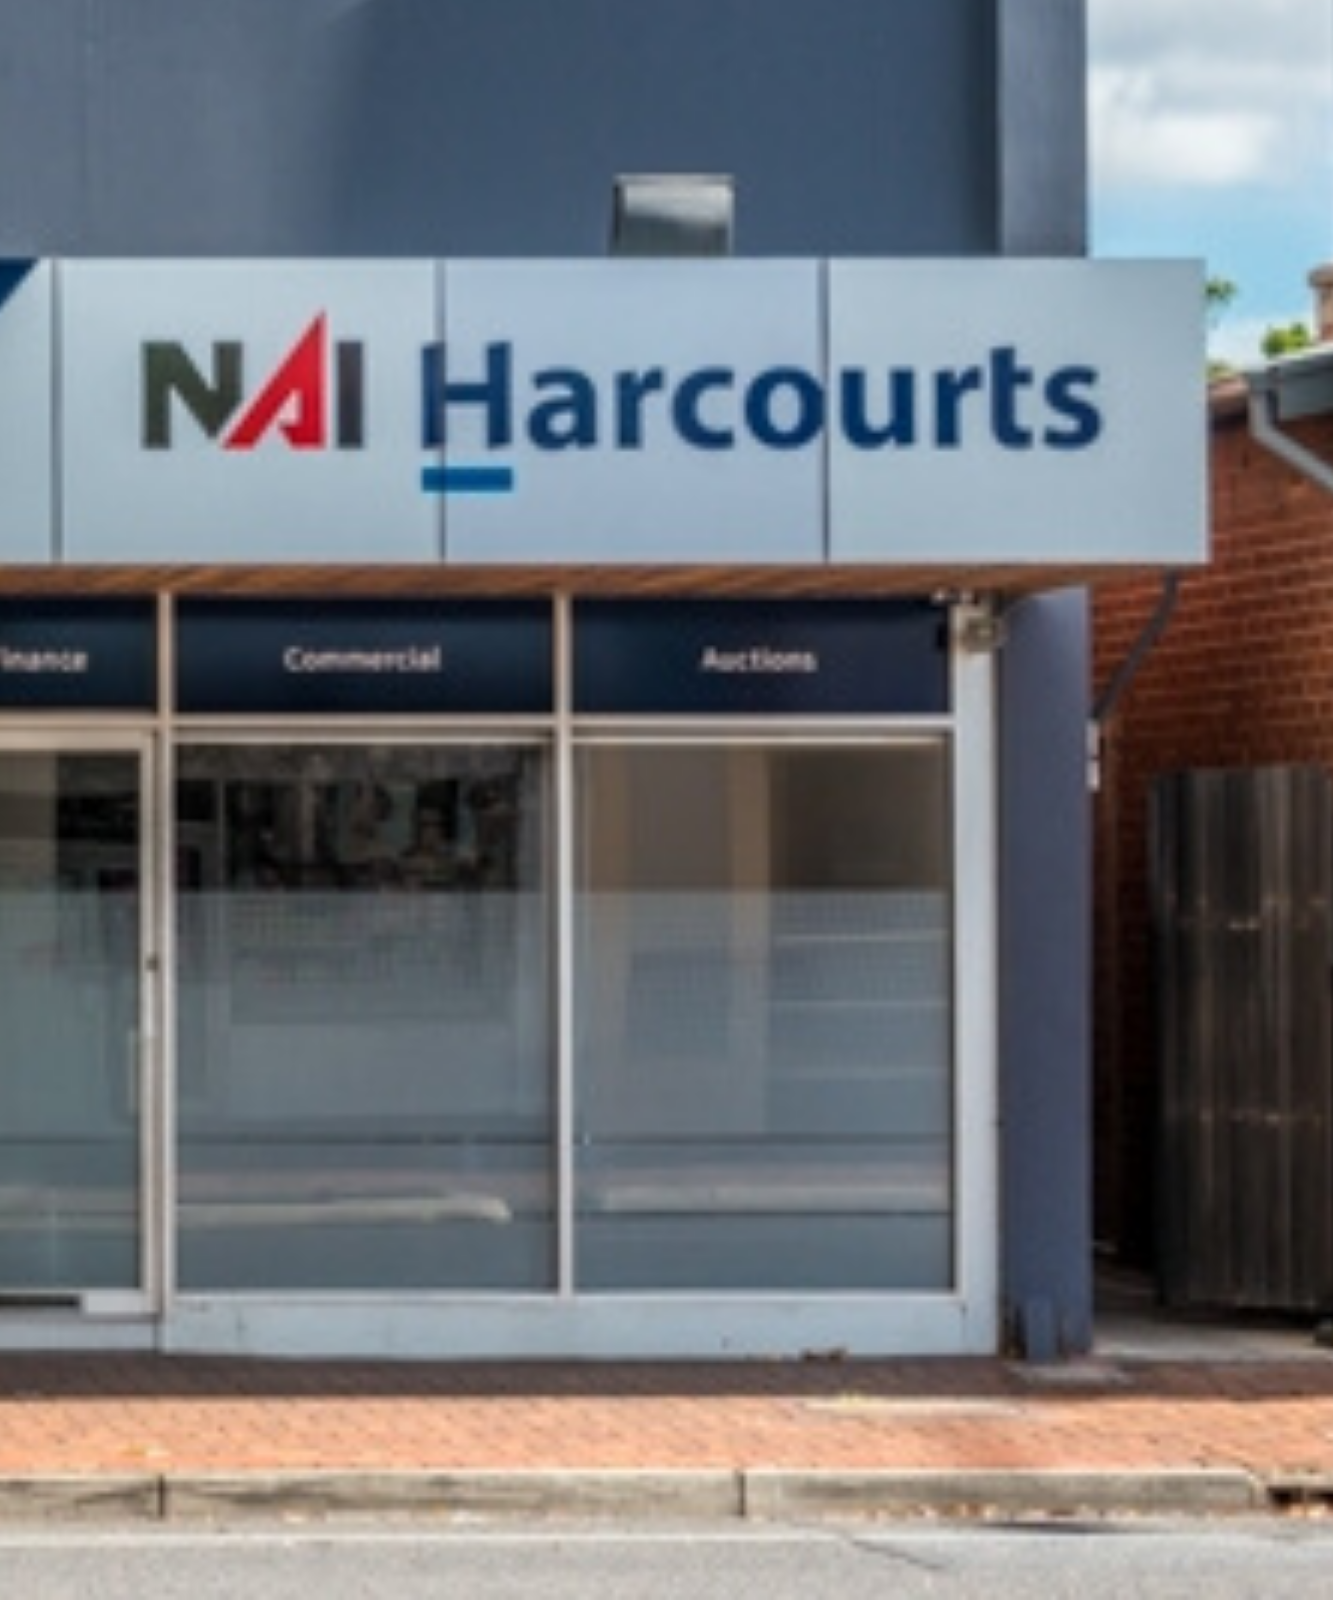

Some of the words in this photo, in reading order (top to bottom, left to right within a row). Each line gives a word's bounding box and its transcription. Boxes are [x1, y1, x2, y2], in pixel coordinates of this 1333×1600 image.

[140, 309, 365, 451] NAI
[420, 340, 1104, 452] Harcourts
[283, 646, 442, 673] Commercial
[700, 646, 817, 674] Auctions

EXERCISE DETAILS
Apart from the images, retype the full material exactly as written.

OUTPUT FOR THIS TASK
Some of the words in this photo, in reading order (top to bottom, left to right within a row). Each line gives a word's bounding box and its transcription. Boxes are [x1, y1, x2, y2], in pixel coordinates of this 1333×1600 image.

[140, 309, 365, 451] NAI
[420, 340, 1104, 452] Harcourts
[283, 646, 442, 673] Commercial
[700, 646, 817, 674] Auctions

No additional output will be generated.